No fui de los que batió palmas cuando la noche del jueves 10 de abril gobierno y oposición -en cadena de radio y televisión-, anunciaron al país que constituían una “Mesa de Diálogo” para enfrentar la crisis económica, política y social que había irrumpido casi desde comienzos de año.
Y por una razón muy sencilla: se trata de una crisis “sistémica”, de esas que los politólogos diagnostican al percibir que las naciones se derrumban, no por políticas más o política menos, sino por la quiebra del modelo con que se pretende ordenar la “totalidad” de sus funciones.
-En el caso venezolano, -o más específicamente, de Maduro, el PSUV y su gobierno-, hablamos de otra bancarrota de la fantasía que se conoce con el nombre de socialismo y que es consustancial a su inviabilidad, anomia, fracaso y hundimiento.
Me pareció entonces, como ahora, que era imposible que los autores del colapso fueran a admitir su emergencia, y que, tal como sucedió en la URSS de Gorbachev, dieran los pasos para corregirlo, pero cambiando de modelo, de sistema.
Por tanto, el diálogo, si se aceptaba, era para postergar las admisiones y las soluciones, para decirle “SI” a todo cuanto no se deseaba a hacer, y “NO” a lo que ya estaba hecho y era imposible que se dejara de hacer.
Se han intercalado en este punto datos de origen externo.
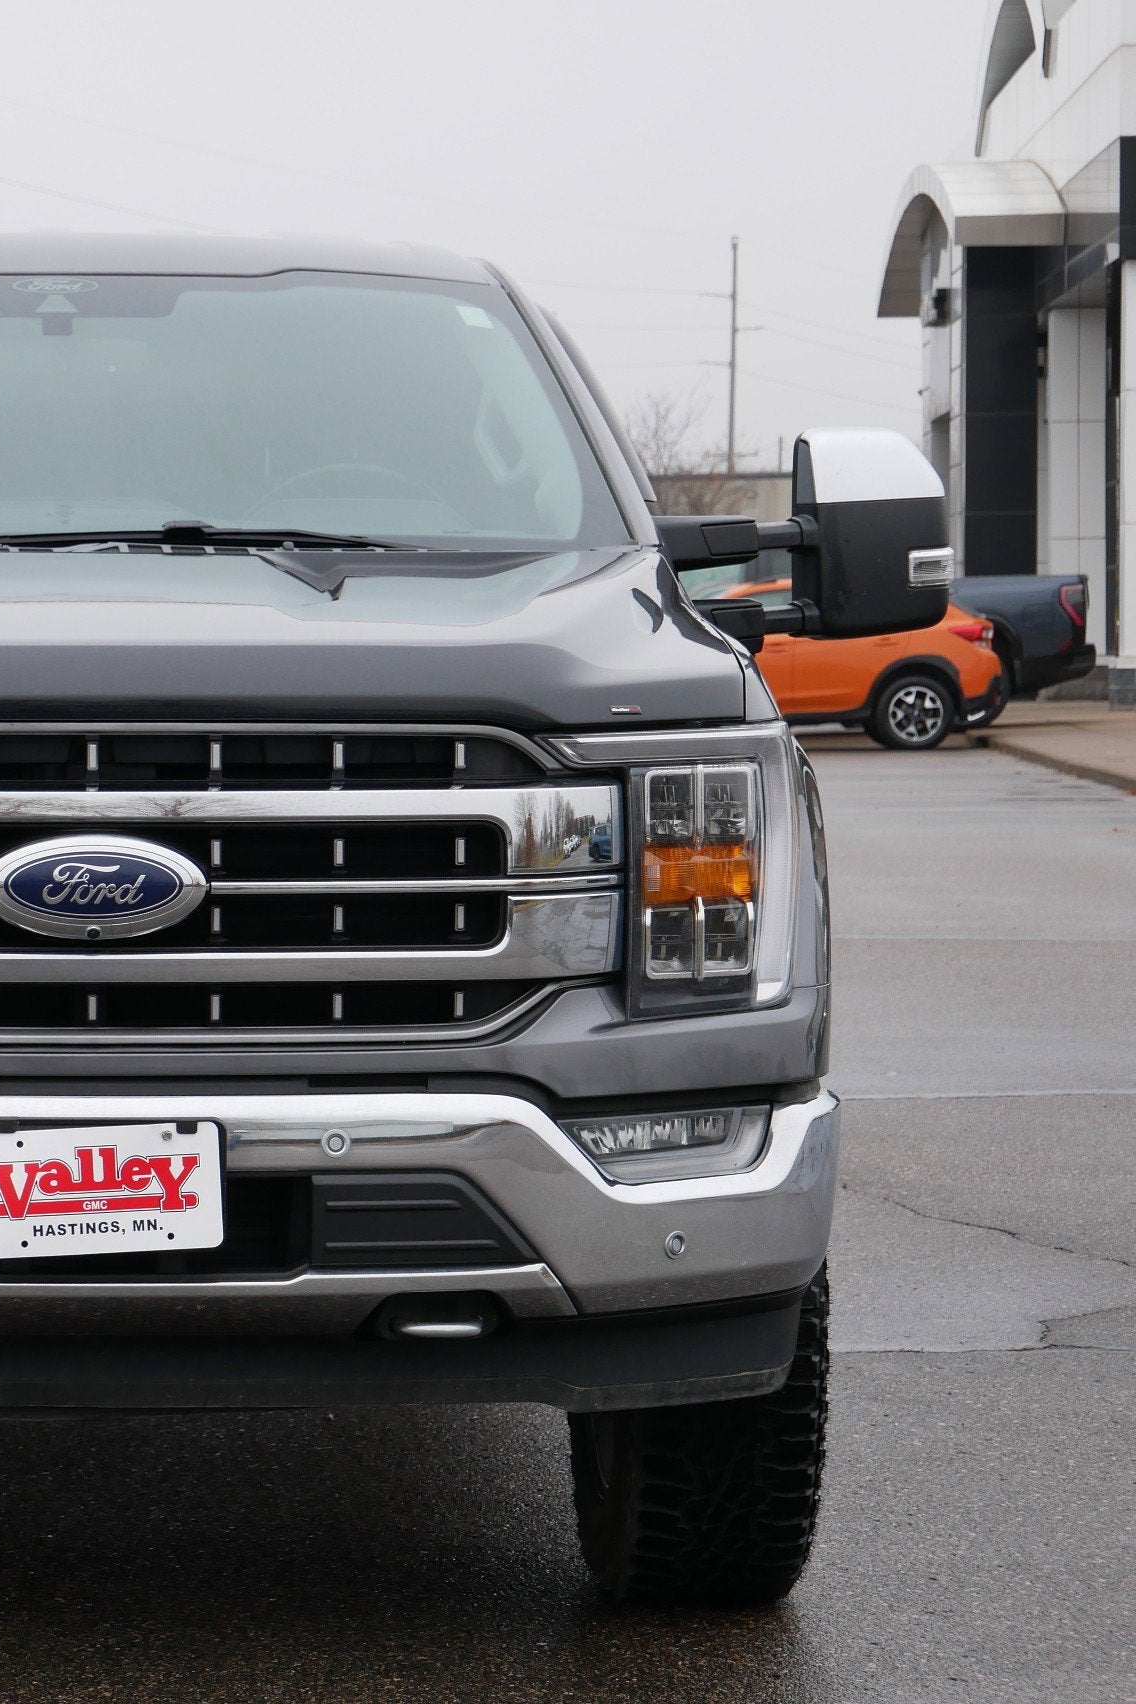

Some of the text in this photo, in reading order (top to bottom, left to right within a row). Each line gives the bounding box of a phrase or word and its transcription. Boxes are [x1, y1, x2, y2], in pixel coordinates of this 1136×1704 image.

[28, 279, 84, 291] Ford
[42, 862, 147, 905] Ford
[82, 1200, 108, 1212] GMC
[32, 1218, 164, 1237] HASTINGS, MN.
Que es lo que sucede en la calle con “la criminalización” por ley de la protesta, y la actuación cada vez más desenfrenada de los cuerpos policiales y de los paramilitares que siguen reprimiendo, torturando y asesinando manifestantes como el primer día.
Horror que podría atribuirse al olvido de las partes de que, en una situación de guerra civil de baja intensidad, se fue a una “Mesa de Diálogo” sin una declaratoria de “cese al fuego”, pero también al detalle de una (el gobierno) sabía lo que estaba pasando, y la otra (la oposición) no.